経産省は2月16日から日米合意に基づき手続きの簡素化などの制度改正を施行し、アメリカで生産し逆輸入したトヨタ自動車のSUV「ハイランダー」2台を公用車として導入したことを発表した。
試乗した赤沢経産相は、「乗り心地も良く、大変快適であった、米国製の自動車が日本では大統領の言葉を借りると1台も走っていないと、そこについては何らかのできる努力を最大限やろうという思いがあったわけです」と話し、貿易赤字解消に向け米国車の輸入が進んでいることを示した一面であった。
2026年モデルの「ハイランダー」のガソリン車はすでにカナダのトヨタディーラーで販売が開始されており、価格は約600万円からである。

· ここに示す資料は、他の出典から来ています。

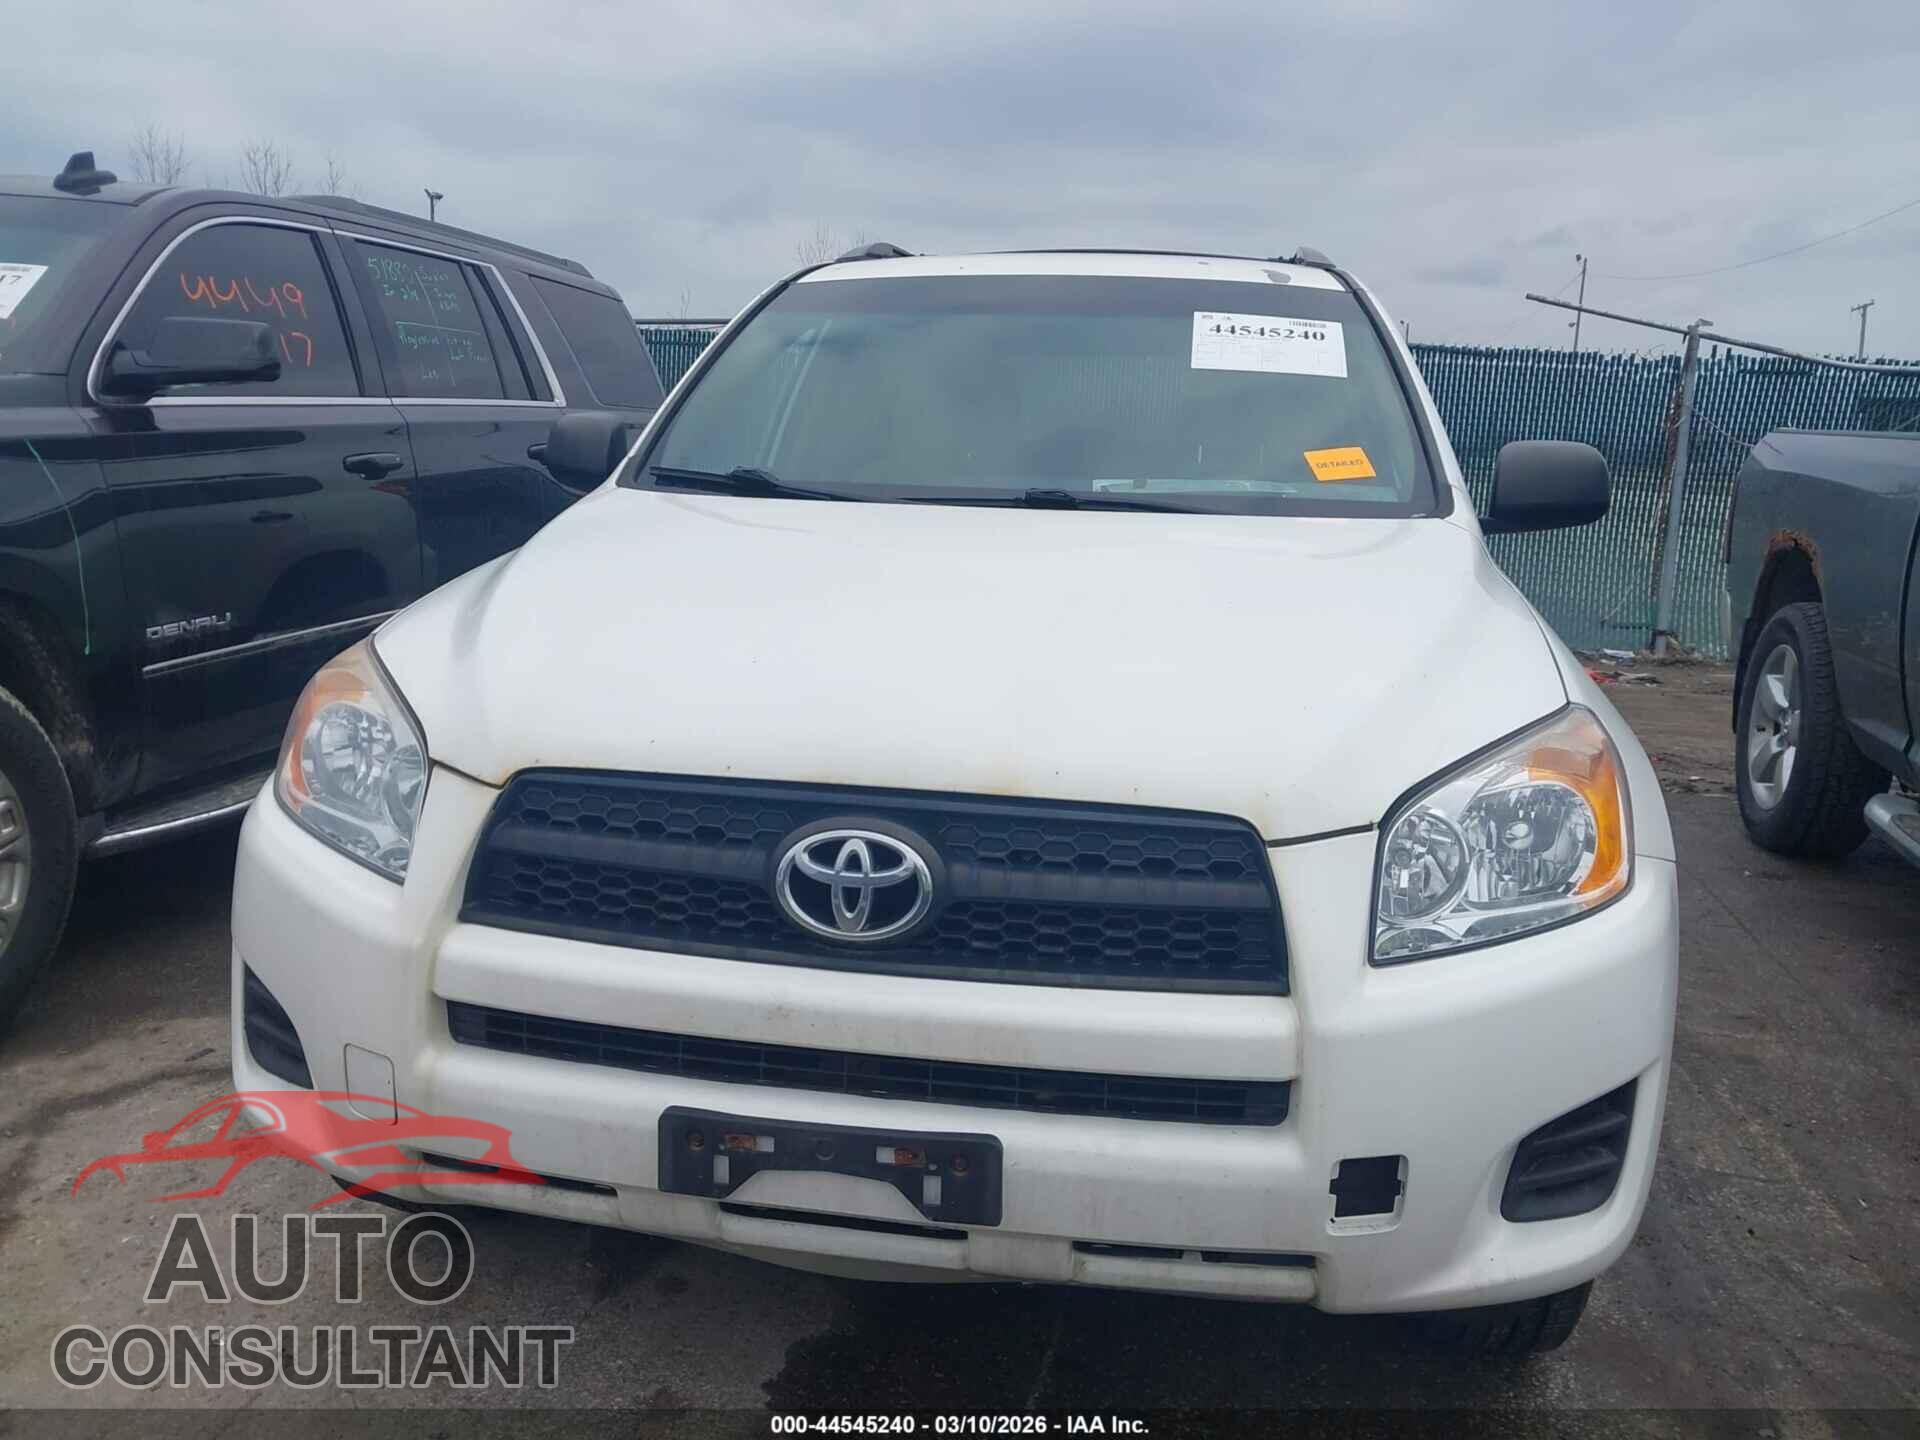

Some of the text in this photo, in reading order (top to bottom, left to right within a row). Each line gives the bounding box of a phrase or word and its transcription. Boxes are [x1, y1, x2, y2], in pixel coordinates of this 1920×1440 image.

[1208, 323, 1326, 341] 44545240
[1315, 458, 1365, 468] DETAILED
[145, 612, 232, 639] DENALI
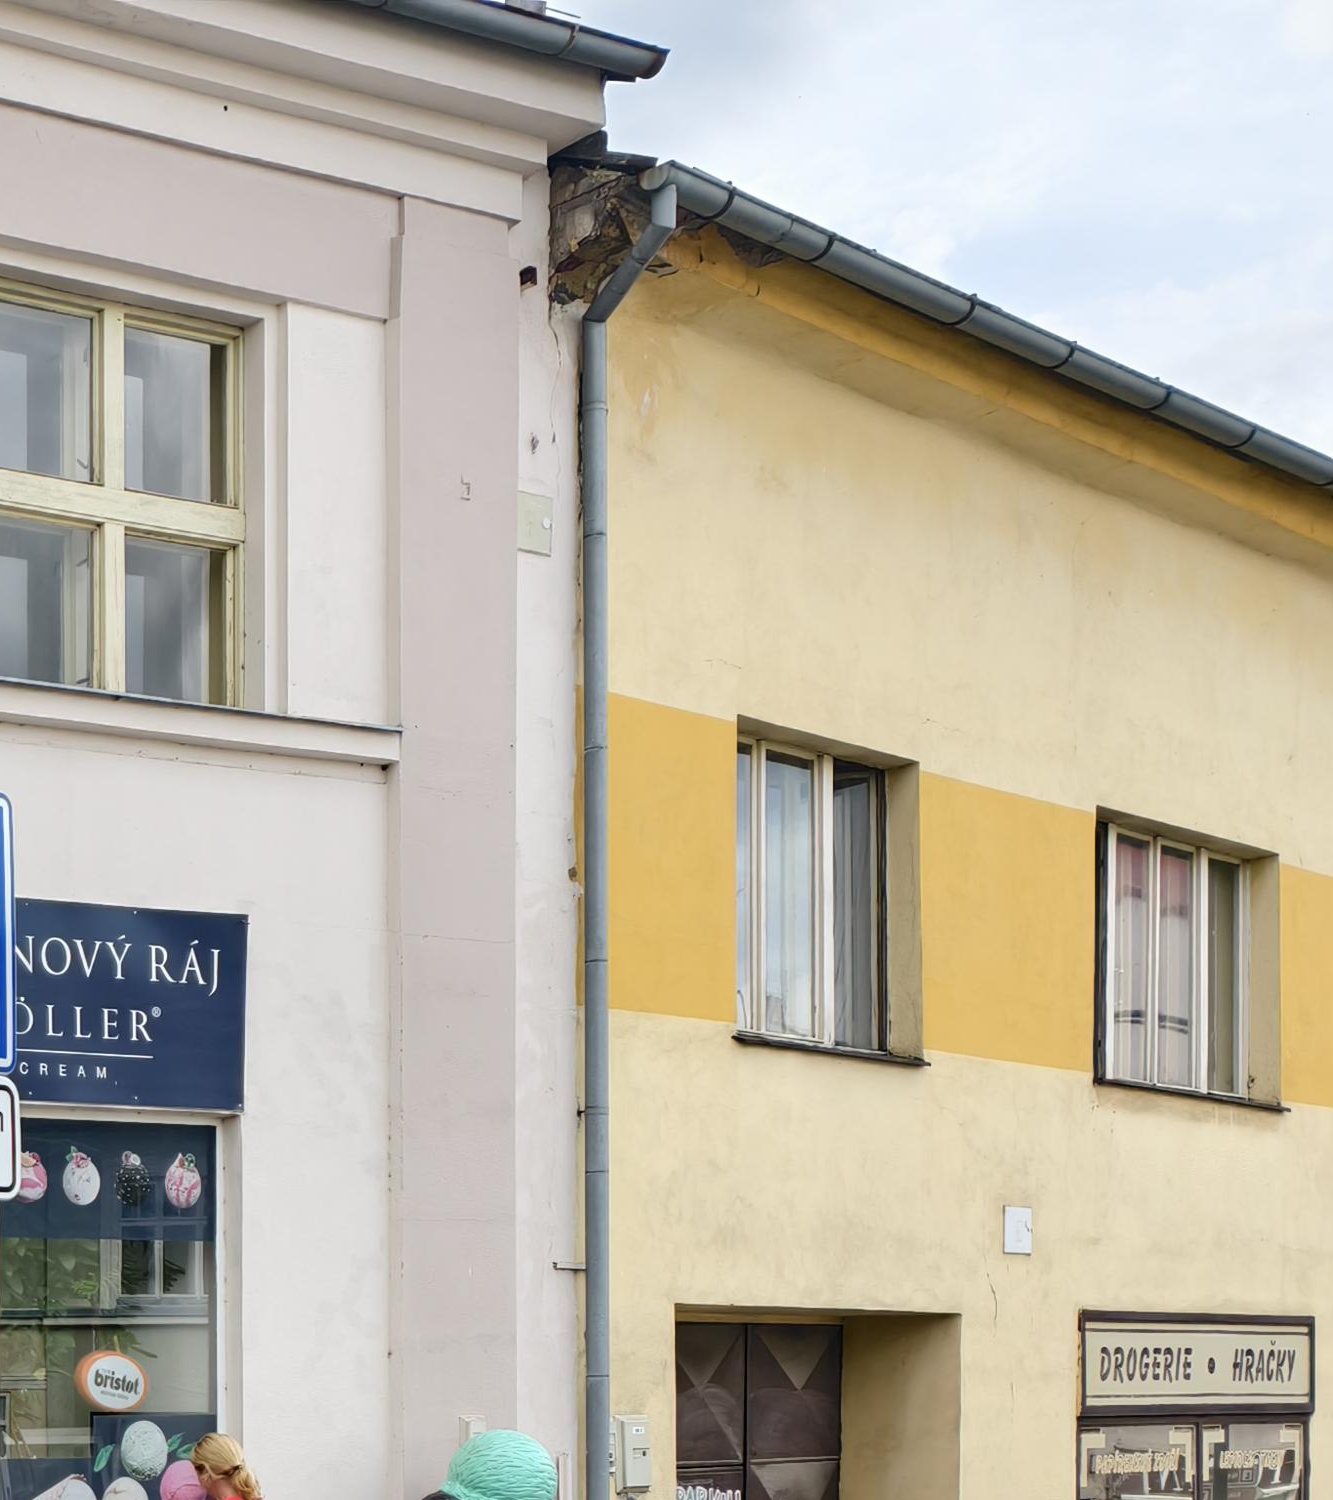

日本がアメリカから輸入する自動車に日本が課す関税は「0%(無関税)」、米国が日本から輸入する自動車には15%の相互関税が適用されている。
米国大統領は、米国自動車の日本での販売が無関税に加え簡素化された制度改正により大きく伸びると考えるが、日本での販売の伸びは難しいだろう。
その大きな理由の一つに、日本の中古車市場での価格形成要因に日本車メーカーが長年にわたり日本車の中古車の価値を維持し中古車市場を成熟させた結果、「日本車は丈夫で長持ち」という概念を消費者は実感している。
過去に米国の中古車は修理費用がかさむなどの理由で消費者から敬遠されてきた歴史があり、消費者心理はそう簡単に変わらない。
消費者にとって「日本車」は大きな資産であり、大切な「愛車」である。